# Sign of Composition of Permutations

## Theorem

Let $n \in \N$ be a natural number.

Let $N^*_{\le n}$ denote the set of natural numbers $\left\{ {1, 2, \ldots, n}\right\}$.

Let $S_n$ denote the set of permutations on $N^*_{\le n}$.

Let $\operatorname{sgn} \left({\pi}\right)$ denote the sign of $\pi$ of a permutation $\pi$ of $N^*_{\le n}$.

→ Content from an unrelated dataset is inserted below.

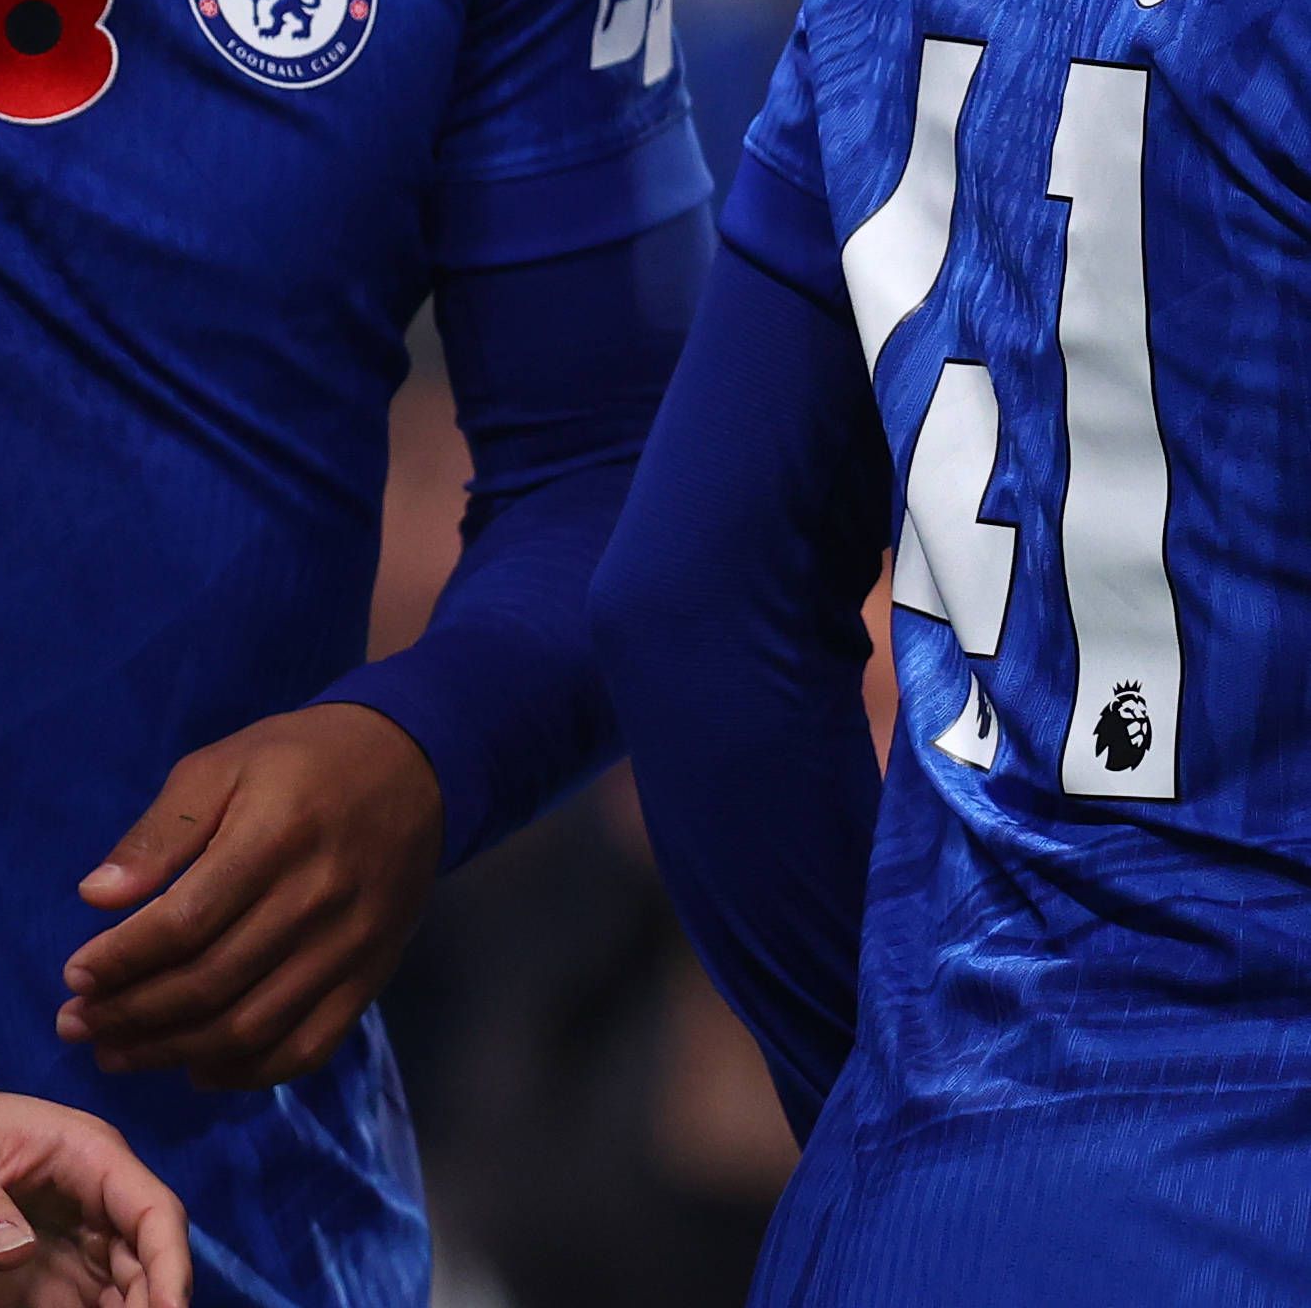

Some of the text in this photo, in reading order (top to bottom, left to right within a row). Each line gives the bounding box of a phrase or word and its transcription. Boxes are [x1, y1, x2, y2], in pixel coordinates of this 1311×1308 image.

[227, 39, 347, 77] FOOTBALL CLUB
[841, 34, 1182, 801] 41

Let $\pi_1, \pi_2 \in S_n$.

Then:

- $\operatorname{sgn} \left({\pi_1}\right) \operatorname{sgn} \left({\pi_2}\right) = \pi_1 \circ \pi_2$

where $\pi_1 \circ \pi_2$ denotes the composite of $\pi_1$ and $\pi_2$.

## Proof

From Sign of Permutation on n Letters is Well-Defined, it is established that the sign each of $\pi_1$, $\pi_2$ and $\pi_1 \circ \pi_2$ is either $+1$ and $-1$.

By Existence and Uniqueness of Cycle Decomposition, each of $\pi_1$ and $\pi_2$ has a unique cycle decomposition.

Thus each of $\pi_1$ and $\pi_2$ can be expressed as the composite of $p_1$ and $p_2$ transpositions respectively.

Thus $\pi_1 \circ \pi_2$ can be expressed as the composite of $p_1 + p_2$ transpositions.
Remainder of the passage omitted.